Sunday, April 12, 2009

The Agony and the Ecstasy

I got a facebook message Friday night from my friend Vicki, who knows I can't turn away from a sad story. (And who, not coincidentally, is the person who prompted me to blog about one not long ago.)

She follows a woman named Heather Spohr on Twitter. Heather writes a hilarious blog called The Spohrs are Multiplying, about the ups and downs of raising her 17 month old daughter Maddie, who was born 11 weeks early. The blog is enormously popular, with untold thousands of people following Maddie's every adorable move.

It's easy to see why. Maddie is just one of those kids that you see once and never forget. That impish little face. Her other-worldly eyes.

Even the quickest of scans through Heather's blog makes you want her to be your mother. And the love she has for that little imp, who struggled so hard to make it into the world, is all but palpable.

Heather was tweeting last Tuesday that Maddie had been hospitalized after a bad cough that failed to respond to oxygen treatment, which was nothing terribly new for the Spohrs. She joked about the hot EMT in the ambulance, and the lack of choices in the hospital cafeteria. Then, at 4 p.m, she wrote "They're going to intubate her, I'm freaking out." At 9:16 a friend updated Heather's blog saying that Madeline had died. Just like that.

It's times like this I wish I could summon something like a semblance of faith. I envy those who believe there is a higher purpose for an event like this one; I just can't muster one no matter how hard I try. I envy those who can take comfort believing that Maddie is now with God. Or Jesus. To me? I can only see a mother and father forced to suffer a gaping, ferocious, unhealable wound. And a dark spot in the world where once there was a very special little elf of a baby girl who should by all rights be snuggled in bed right now, just like my sons are.

The only comfort I draw is that much like the death of Emilie Lemmons, Maddie Spohr's death has created an overwhelming outpouring of love and support.
In just five days, over $23,000 has been raised for the March of Dimes in Maddie's memory. Close to 400 people have blogged about Maddie. The entire site is currently devoted to writings about Maddie. (There's also an article about the Spohrs in today's LA Times.) And thousands of children, including two who happen to live in my house, have no doubt been hugged and kissed with reckless abandon, even after they left half-eaten crackers on the train table. Must. Not. Sweat. Thepettyshit.

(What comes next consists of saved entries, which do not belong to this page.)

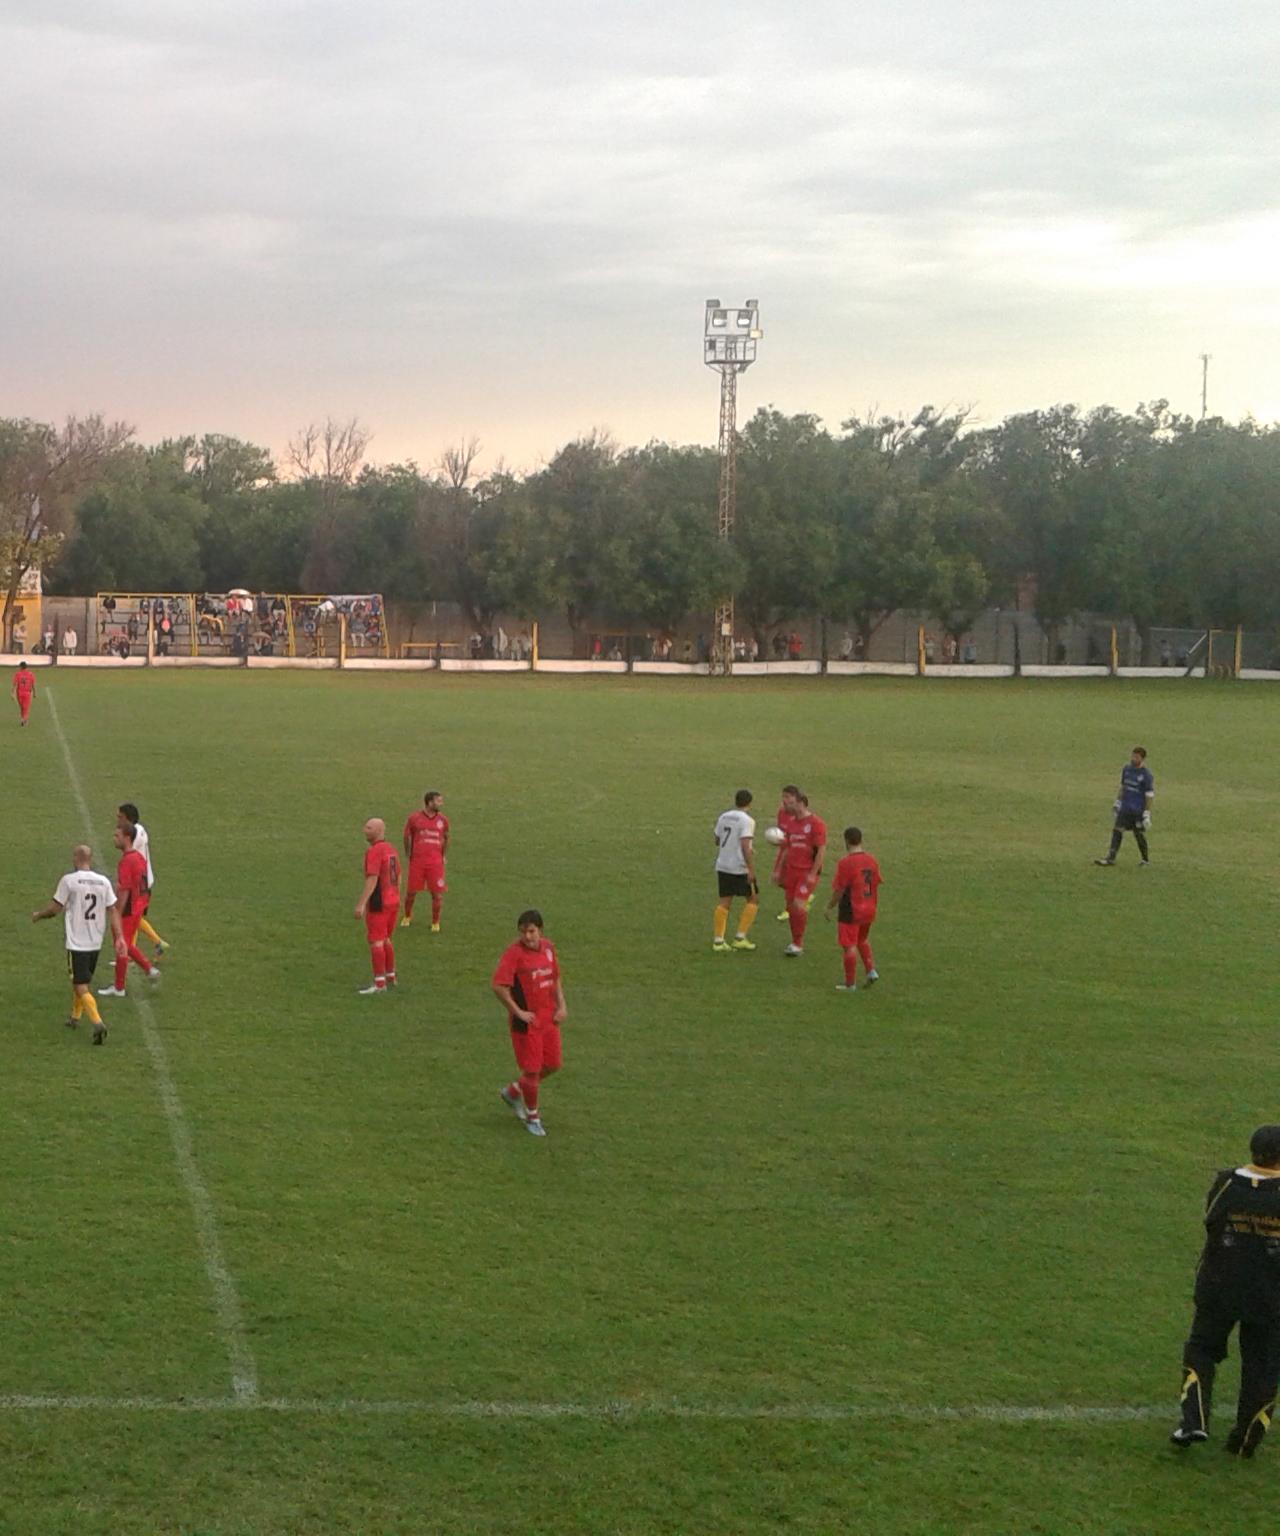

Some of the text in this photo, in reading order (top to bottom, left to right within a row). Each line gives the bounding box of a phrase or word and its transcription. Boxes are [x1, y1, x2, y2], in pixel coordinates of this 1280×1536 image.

[722, 826, 732, 848] 7
[861, 869, 873, 898] 3
[84, 893, 97, 920] 2
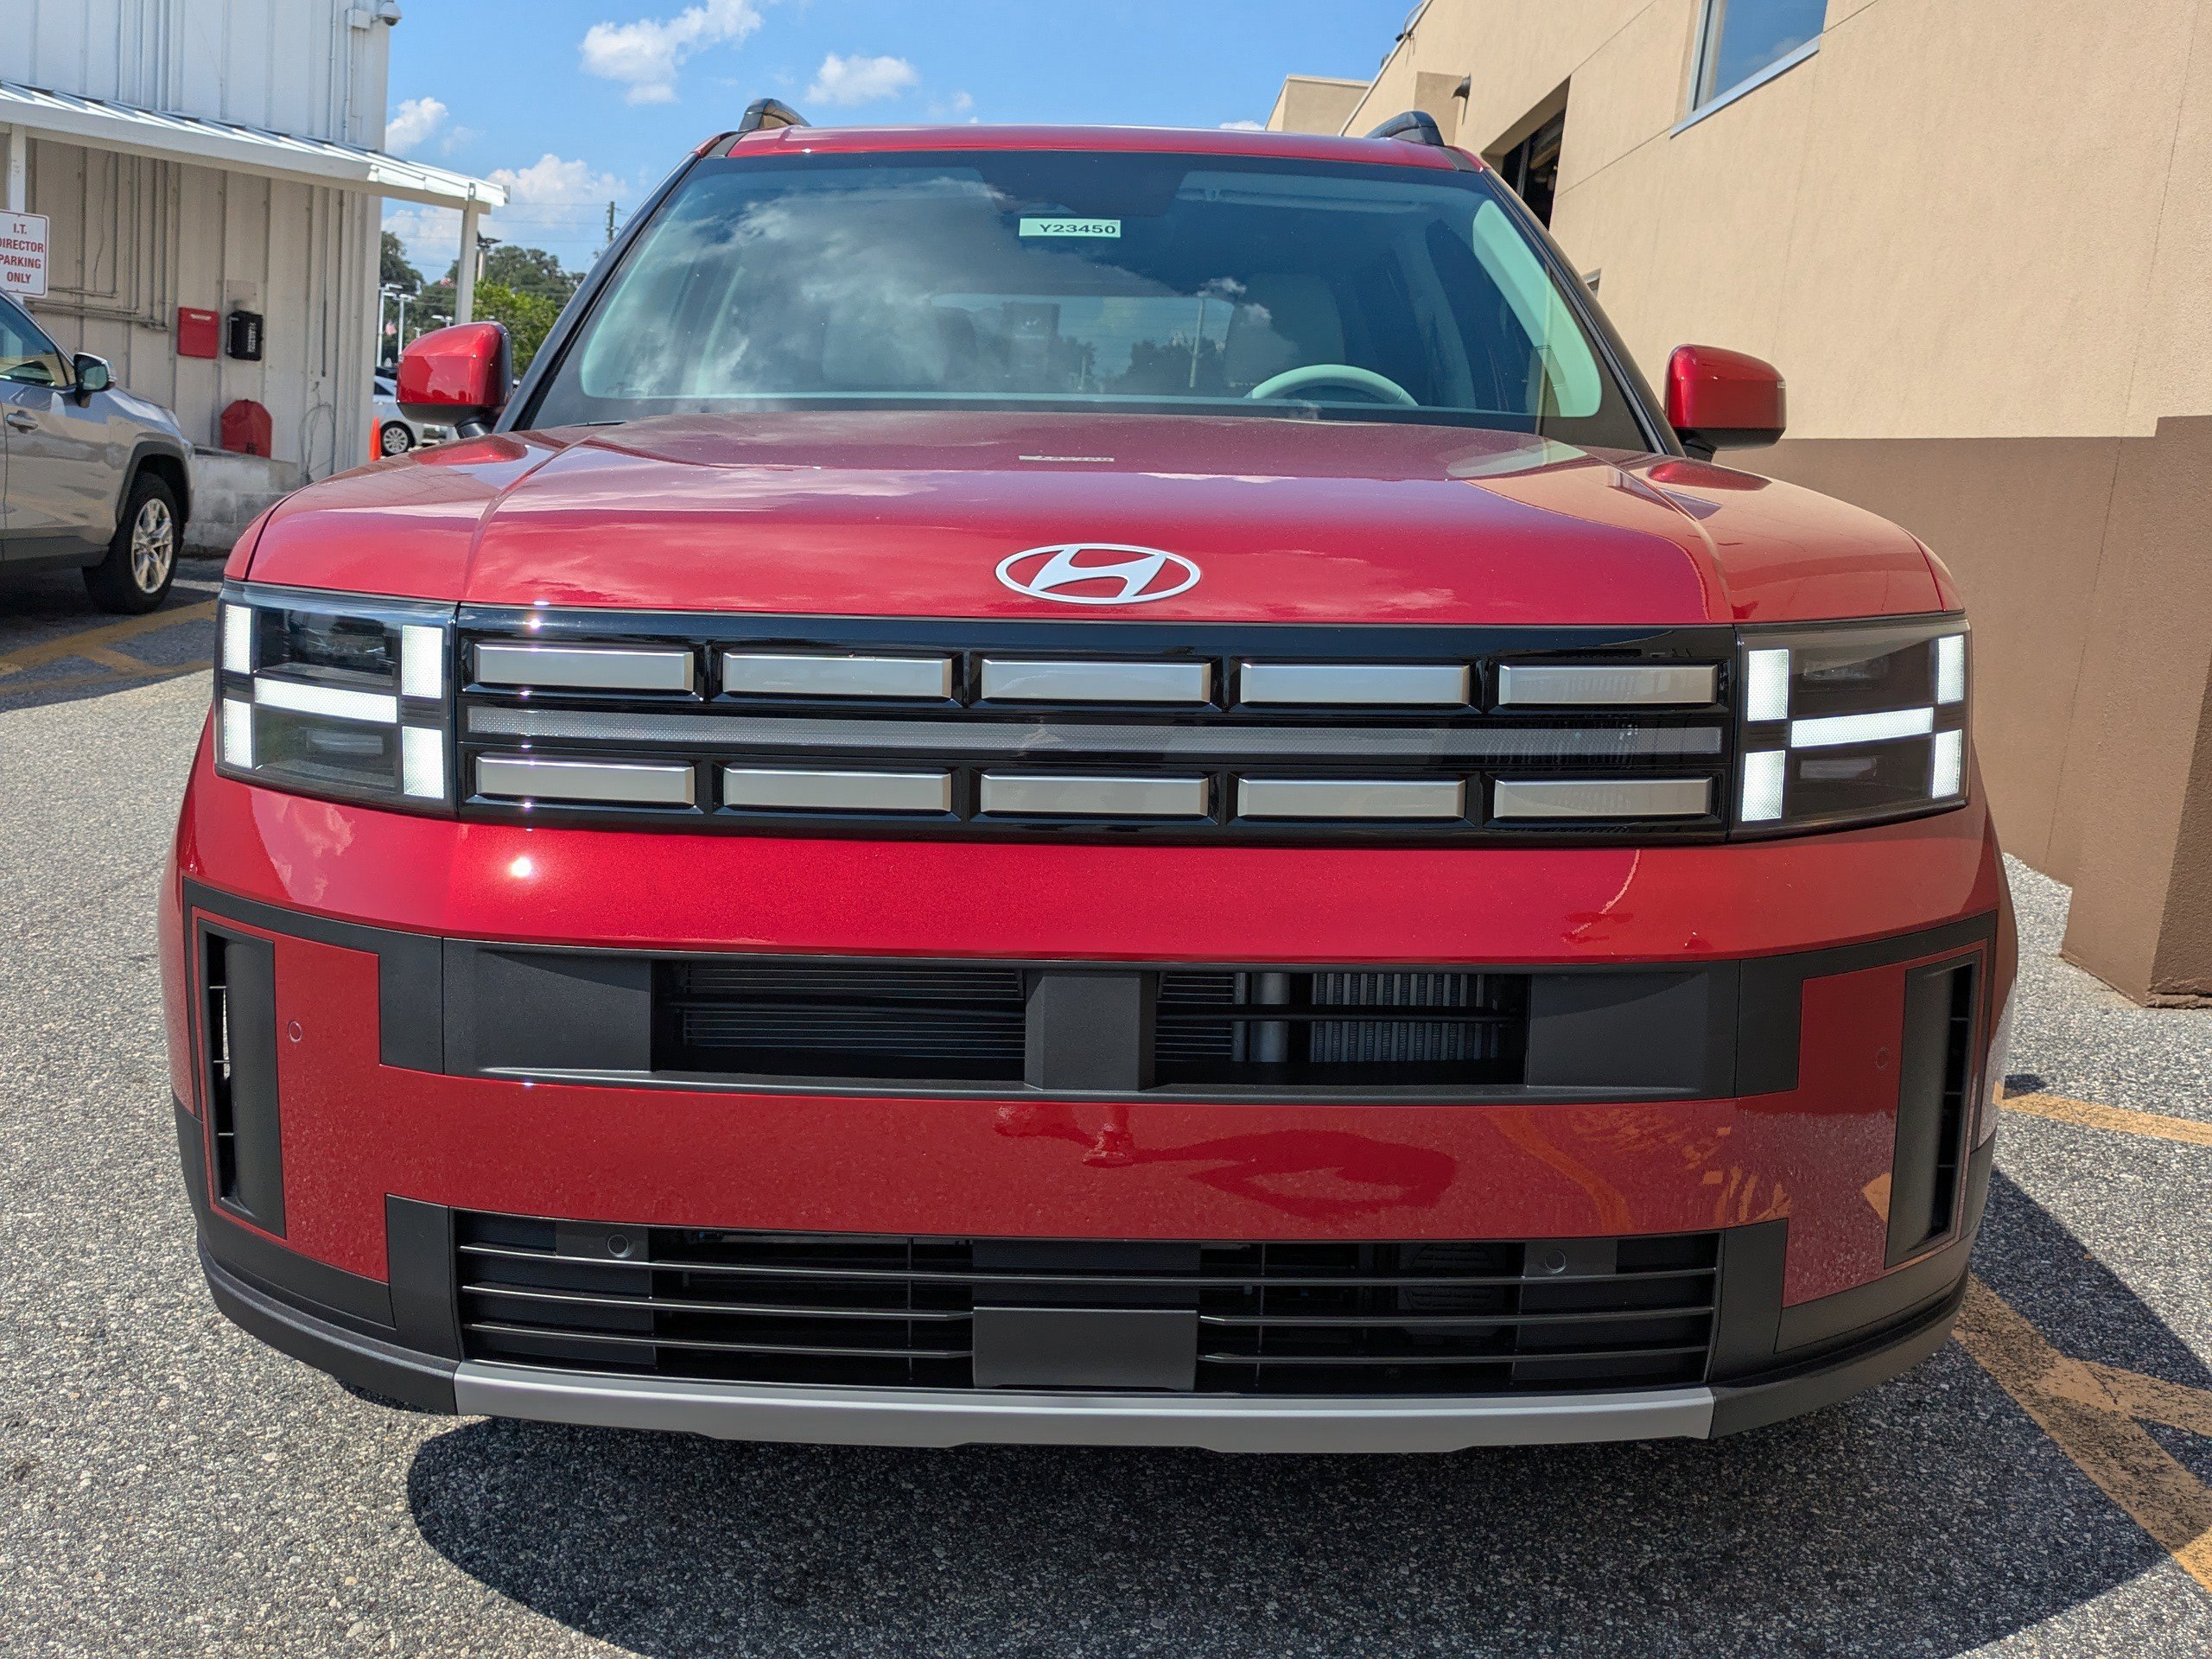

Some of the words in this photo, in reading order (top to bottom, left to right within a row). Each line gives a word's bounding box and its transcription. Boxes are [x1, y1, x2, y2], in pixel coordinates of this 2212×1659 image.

[13, 223, 27, 235] I.T.
[1039, 224, 1116, 234] Y23450
[0, 254, 41, 269] PARKING
[7, 271, 31, 283] ONLY
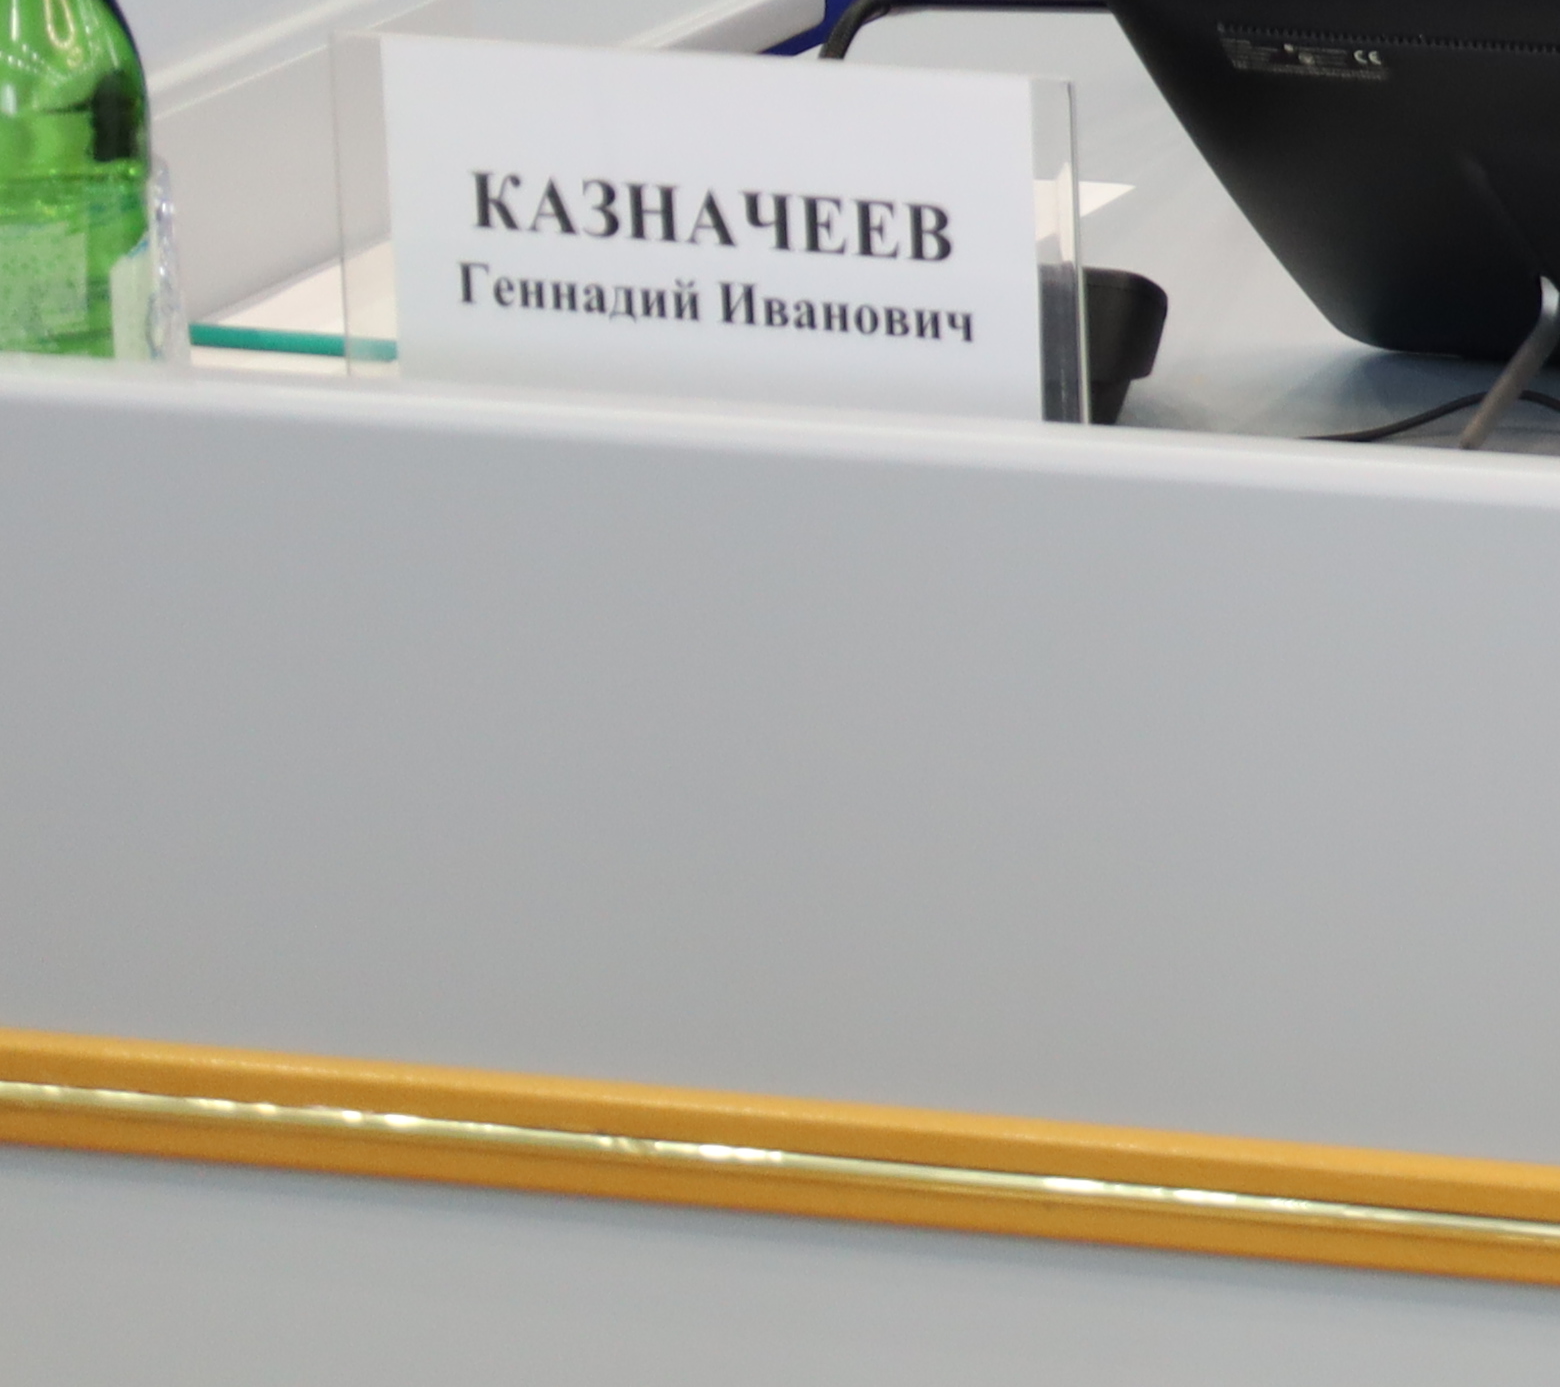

Since I'm not a Christian, I don't want to put too fine a point on the fact that today is Easter. But having spent much of the weekend musing on what could possibly be redemptive about a senseless, heartbreaking death, perhaps it's not entirely coincidental that I accidentally stumbled on this today and it made me feel hopeful again.
If there's a faith to be had, I feel confident I have faith in whatever this is.

Sound of Music Train Station @ Yahoo! Video

Rest in peace, Maddie.

And if you're feeling inspired, you can use one of these buttons to make a donation, either to the Spohrs themselves, who are self-employed, to help with funeral costs and loss of income, or to the March of Dimes.

1 comment:

  1. I do it everytime. I always innocently start reading your blog posts. Idol chatter, muddy golf (And by the way--you hate Led Zeppelin--even Kashmir? What kind of neighborhood is this?) Then I hit these kinds of posts--you make-a-me laugh, you make-a-me cry--I'm exhausted and have to go home. It's a killer to read about these kinds of things. When Ty first came to our house my mother gave the following advice: She said, don't keep checking on the baby at night--he really is still breathing. I think we parents often harbor these kinds of fears about losing our children. I can't imagine the agony that these people went through. It does make you wanna get over all of the little crap. Thank you for also posting the train station video, really quite amazing.